What is expected: Your answer should be the complete data, copied exactly.

****************

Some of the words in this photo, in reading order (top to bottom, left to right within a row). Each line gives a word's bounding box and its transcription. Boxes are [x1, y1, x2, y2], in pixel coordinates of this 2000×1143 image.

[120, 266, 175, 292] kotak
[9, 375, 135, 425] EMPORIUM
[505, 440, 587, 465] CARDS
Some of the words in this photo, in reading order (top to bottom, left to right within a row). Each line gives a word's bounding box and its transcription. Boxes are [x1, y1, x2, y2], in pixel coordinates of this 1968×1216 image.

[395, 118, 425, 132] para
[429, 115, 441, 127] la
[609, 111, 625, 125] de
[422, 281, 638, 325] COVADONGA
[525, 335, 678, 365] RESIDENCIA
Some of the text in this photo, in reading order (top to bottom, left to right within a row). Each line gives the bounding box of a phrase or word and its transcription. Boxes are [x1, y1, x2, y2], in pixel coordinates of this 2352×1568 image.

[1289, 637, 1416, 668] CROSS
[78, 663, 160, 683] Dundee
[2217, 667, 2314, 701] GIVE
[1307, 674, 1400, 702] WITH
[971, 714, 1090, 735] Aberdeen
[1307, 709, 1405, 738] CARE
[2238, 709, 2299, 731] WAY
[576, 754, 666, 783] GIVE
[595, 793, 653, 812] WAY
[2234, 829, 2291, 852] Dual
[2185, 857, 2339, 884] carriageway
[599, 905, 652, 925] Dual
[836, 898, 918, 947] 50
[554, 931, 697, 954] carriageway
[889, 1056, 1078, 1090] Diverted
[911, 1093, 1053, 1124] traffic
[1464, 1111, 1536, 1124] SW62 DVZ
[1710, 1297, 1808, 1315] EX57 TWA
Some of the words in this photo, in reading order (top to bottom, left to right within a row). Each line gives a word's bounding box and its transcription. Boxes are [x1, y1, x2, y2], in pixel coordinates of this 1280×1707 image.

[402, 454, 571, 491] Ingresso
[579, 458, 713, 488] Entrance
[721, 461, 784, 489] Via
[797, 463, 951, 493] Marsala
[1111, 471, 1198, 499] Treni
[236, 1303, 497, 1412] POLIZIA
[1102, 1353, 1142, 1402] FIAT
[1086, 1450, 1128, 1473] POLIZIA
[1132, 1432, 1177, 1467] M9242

****************

Exercise output:
Some of the words in this photo, in reading order (top to bottom, left to right within a row). Each line gives a word's bounding box and its transcription. Boxes are [x1, y1, x2, y2], in pixel coordinates of this 2000×1143 image.

[120, 266, 175, 292] kotak
[9, 375, 135, 425] EMPORIUM
[505, 440, 587, 465] CARDS
Some of the words in this photo, in reading order (top to bottom, left to right within a row). Each line gives a word's bounding box and its transcription. Boxes are [x1, y1, x2, y2], in pixel coordinates of this 1968×1216 image.

[395, 118, 425, 132] para
[429, 115, 441, 127] la
[609, 111, 625, 125] de
[422, 281, 638, 325] COVADONGA
[525, 335, 678, 365] RESIDENCIA
Some of the text in this photo, in reading order (top to bottom, left to right within a row). Each line gives the bounding box of a phrase or word and its transcription. Boxes are [x1, y1, x2, y2], in pixel coordinates of this 2352×1568 image.

[1289, 637, 1416, 668] CROSS
[78, 663, 160, 683] Dundee
[2217, 667, 2314, 701] GIVE
[1307, 674, 1400, 702] WITH
[971, 714, 1090, 735] Aberdeen
[1307, 709, 1405, 738] CARE
[2238, 709, 2299, 731] WAY
[576, 754, 666, 783] GIVE
[595, 793, 653, 812] WAY
[2234, 829, 2291, 852] Dual
[2185, 857, 2339, 884] carriageway
[599, 905, 652, 925] Dual
[836, 898, 918, 947] 50
[554, 931, 697, 954] carriageway
[889, 1056, 1078, 1090] Diverted
[911, 1093, 1053, 1124] traffic
[1464, 1111, 1536, 1124] SW62 DVZ
[1710, 1297, 1808, 1315] EX57 TWA
Some of the words in this photo, in reading order (top to bottom, left to right within a row). Each line gives a word's bounding box and its transcription. Boxes are [x1, y1, x2, y2], in pixel coordinates of this 1280×1707 image.

[402, 454, 571, 491] Ingresso
[579, 458, 713, 488] Entrance
[721, 461, 784, 489] Via
[797, 463, 951, 493] Marsala
[1111, 471, 1198, 499] Treni
[236, 1303, 497, 1412] POLIZIA
[1102, 1353, 1142, 1402] FIAT
[1086, 1450, 1128, 1473] POLIZIA
[1132, 1432, 1177, 1467] M9242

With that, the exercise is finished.